Cluster analysis of fluctuation actin regions

Time-lapse images were first corrected for uneven illumination and photo-bleaching and registered in x-y as described above. The aligned stack was used to create ~12,000 time series for intensity changes for the biosensor F-Tractin. Frequency power spectrum analysis was used to identify the regularity of the oscillation and their major period. In addition, the range (1%-99% percentile interval) was calculated for all the time series. These three dimensions (regularity, major period and range) were used as inputs to a Gaussian mixture model clustering for 2 populations. The boundary between the two populations was the two dimensional manifold were posterior distribution for each of the two populations was 0.5. Supp Fig 3 shows an example of a scatter plot used for clustering.
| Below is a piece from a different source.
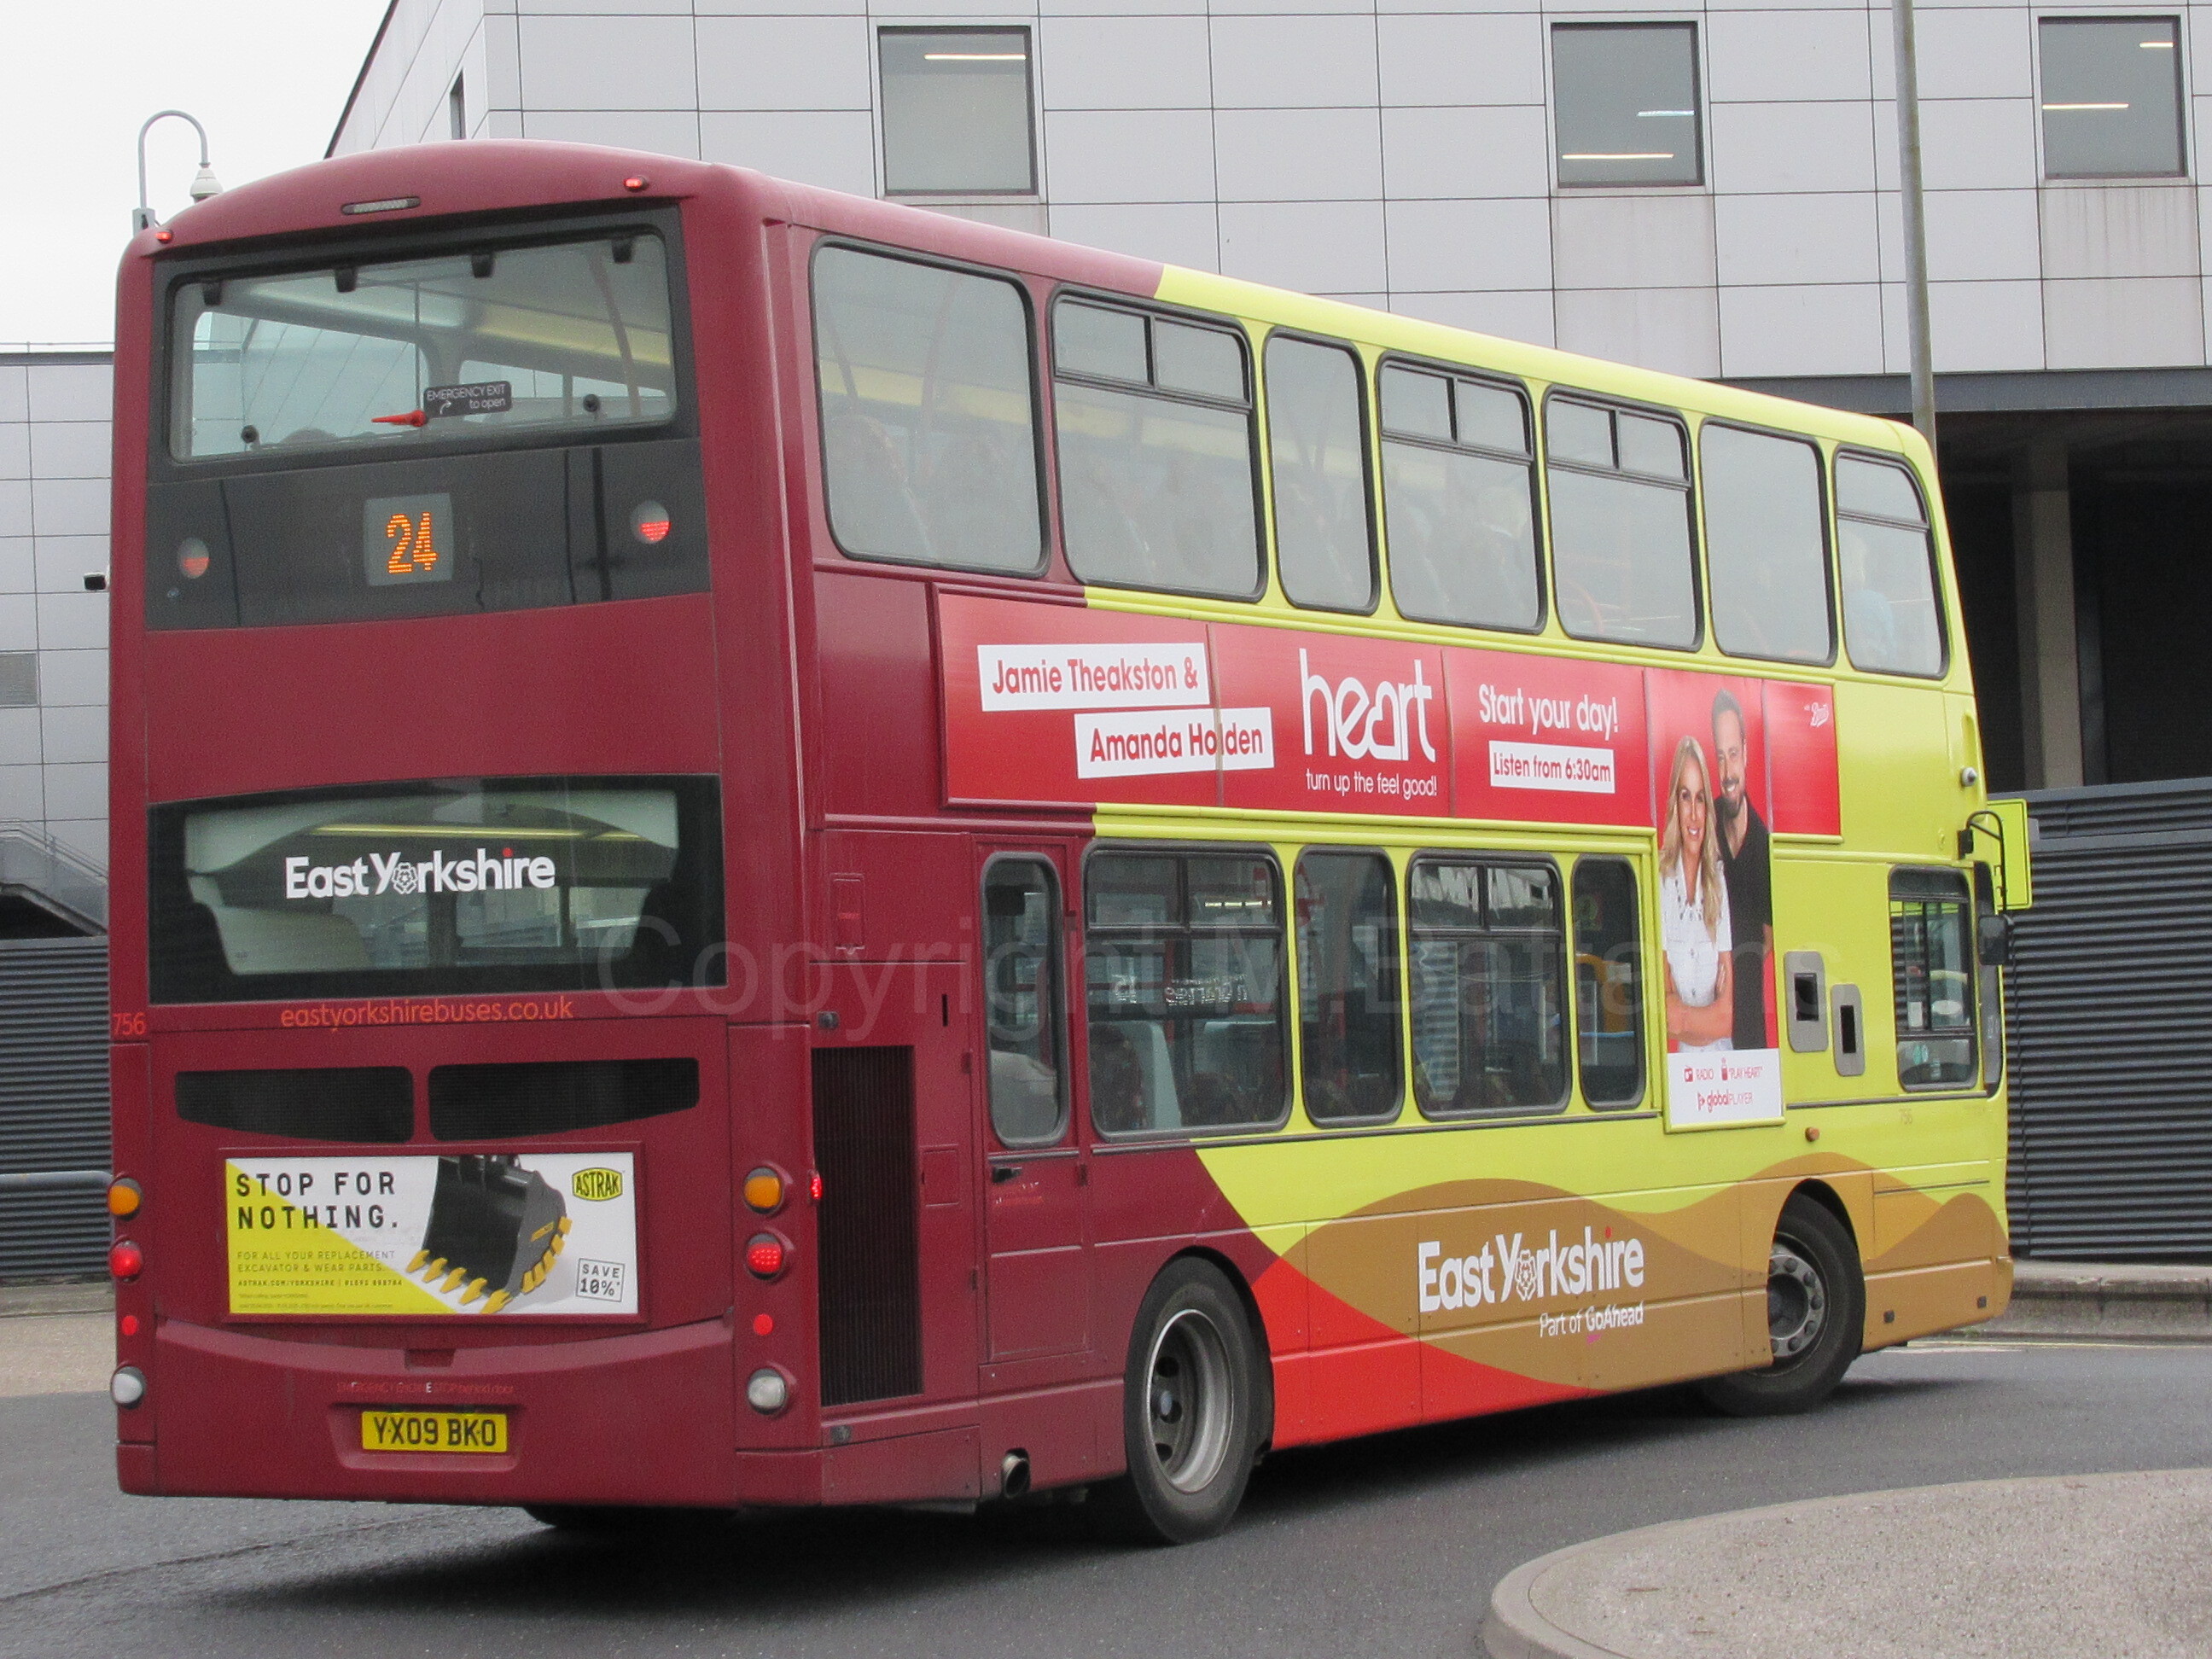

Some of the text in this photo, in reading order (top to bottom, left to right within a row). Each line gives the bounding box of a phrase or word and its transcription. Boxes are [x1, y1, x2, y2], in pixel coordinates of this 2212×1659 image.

Spatial correlation analysis

Correlation coefficient between every two time-series in the cells as well as their Euclidean distance was measured (~80,000,000 pairs per cell). The data was binned (single pixel-size width; 0.26 μm) and fitted with an exponentially decaying function (Fig 2c). The length scale was defined as the distance over which the correlation decays.

Measurement of F-actin levels after Thapsigagin and EGTA treatment

Cells were sensitized with IgE overnight and stimulated with TNP-BSA similar to live cell analysis. 10 min after TNP stimulation, Thapsigargin (1 μM) with and without 10 mM EGTA or buffer control were added to cells. 5 minutes after drug addition cells were fixed and stained with DAPI and phalloidin alexa-594 according to manufacturer protocol. Several hundred cells (743 for control, 895 for Thaps+EGTA and 1559 for Thaps) were imaged per treatment. Binary masks were generated using otsu thresholding on the DAPI intensity and the phalloidin intensity within each mask per cell was quantified.

Statistical analysis

The following statistical tests where used throughout the paper:

To test for existence of a lag, cross correlation analysis on two time series was performed (as explained above) for multiple cells. In each cell, the cross-correlation analysis provided a single value of lag where cross-correlation is maximal. Using this population of lags, a single sample t-test was used to estimate if the lag value is significantly different than zero. This test was performed in Fig. 2b, 2c. P-values shown in Fig. 2d are the values that the lags between N-WASP and F-actin and between PIP2 and N-WASP were significantly different from zero.

To test the difference between lags of different biosensors, first a population of lags for each marker was estimated as described above and a statistical test to compare the two populations was performed. In Fig. 2d we show average lag values and therefore use parametric two sample t-test. In Supp Fig. 5c due to existence of a few outliers, the median value is presented and non-parametric Wilcoxin rank-sum test was performed.

To test the significance of different treatment on β-hexoamidase secretion (supp fig 1 & 10) multiple wells were measured and a two-sample t-test was performed comparing each of the treatment against controls.

To test the significance of the change in cortical F-actin after treatment with Thapsigargin (Supp Fig. 4a) and Thapsigargin + EGTA cell were treated as described above and two sample t-tests were performed comparing them to control cells.